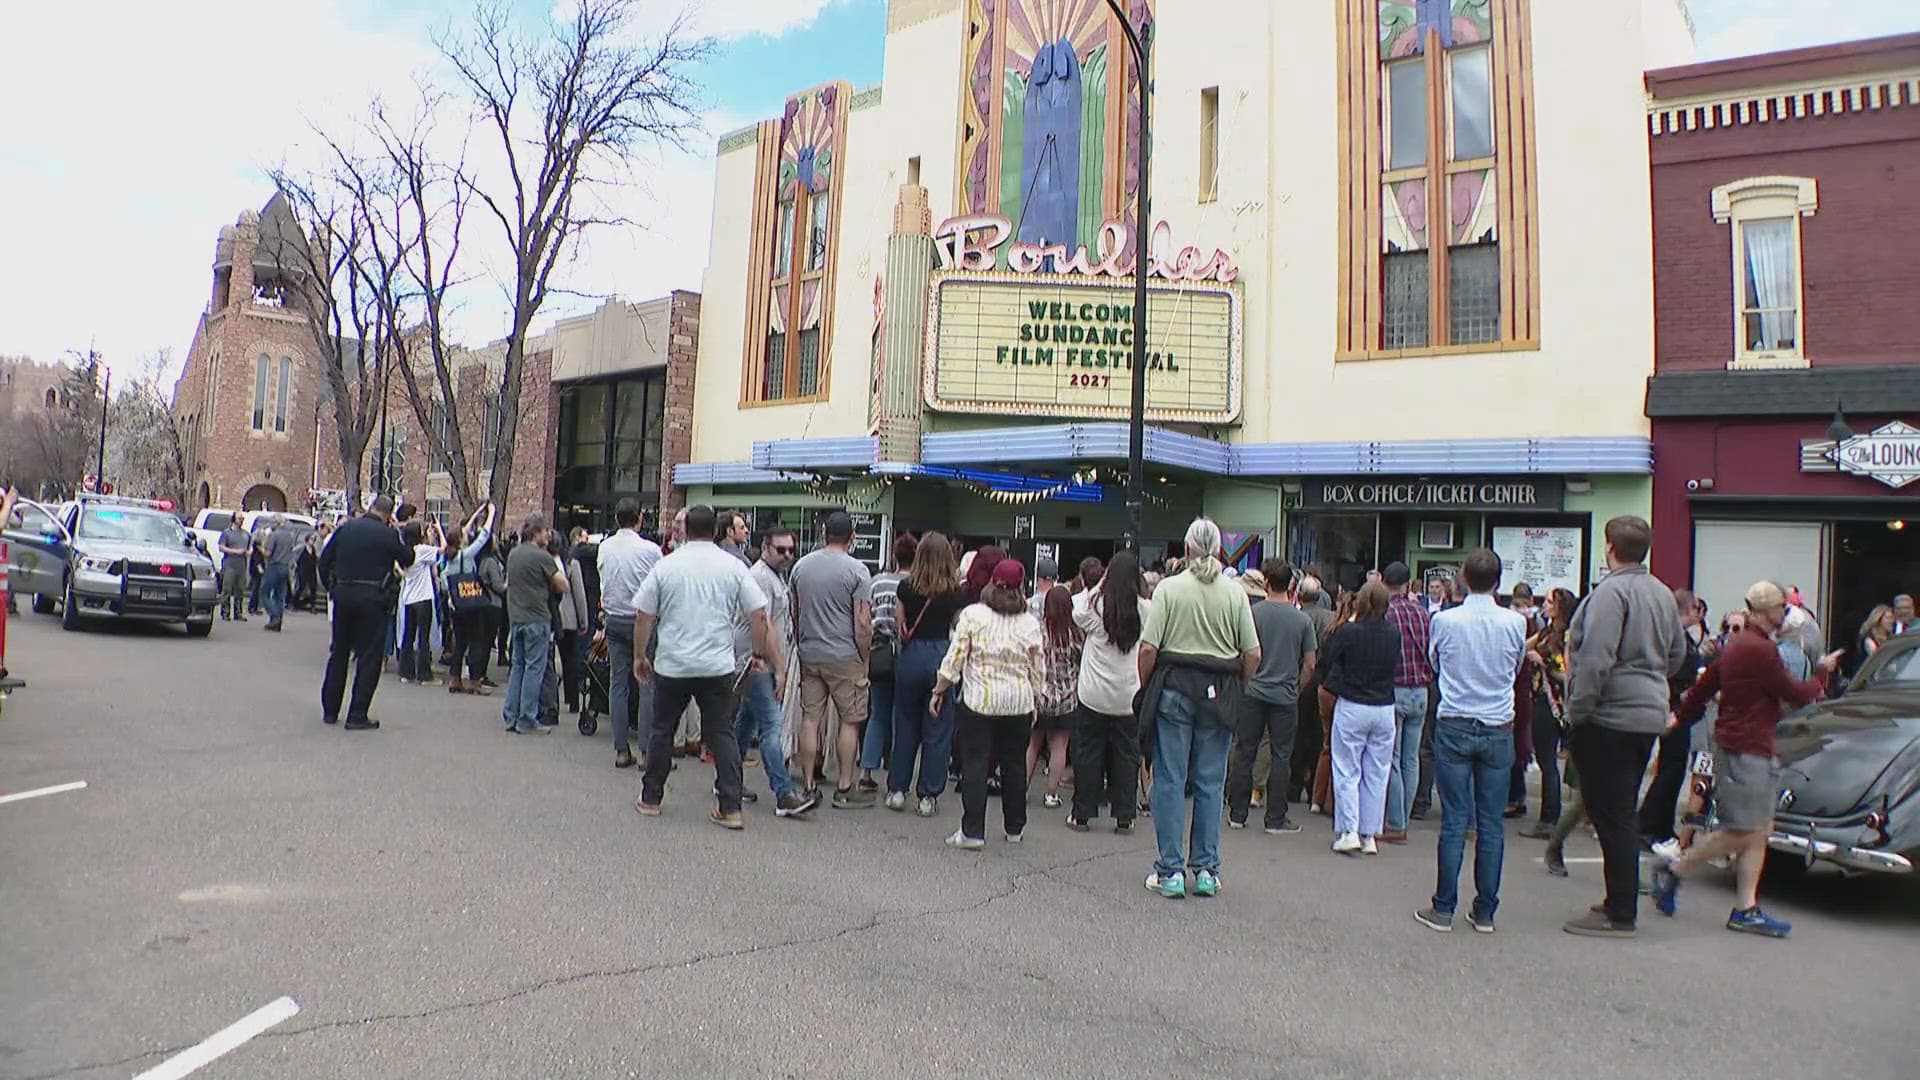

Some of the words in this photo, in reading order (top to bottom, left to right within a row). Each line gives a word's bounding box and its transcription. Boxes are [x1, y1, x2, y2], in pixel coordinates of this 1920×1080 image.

[1028, 300, 1136, 324] WELCOM
[996, 345, 1053, 366] FILM
[1070, 373, 1111, 388] 2027
[1323, 485, 1354, 503] BOX
[1480, 484, 1536, 504] CENTER
★ ★ ★
WHAT TO WORK ON
Would you set down the records exactly, with no pictures included?

FINISHED EXERCISE
Some of the words in this photo, in reading order (top to bottom, left to right within a row). Each line gives a word's bounding box and its transcription. Boxes are [x1, y1, x2, y2], in pixel coordinates of this 1920×1080 image.

[1028, 300, 1136, 324] WELCOM
[996, 345, 1053, 366] FILM
[1070, 373, 1111, 388] 2027
[1323, 485, 1354, 503] BOX
[1480, 484, 1536, 504] CENTER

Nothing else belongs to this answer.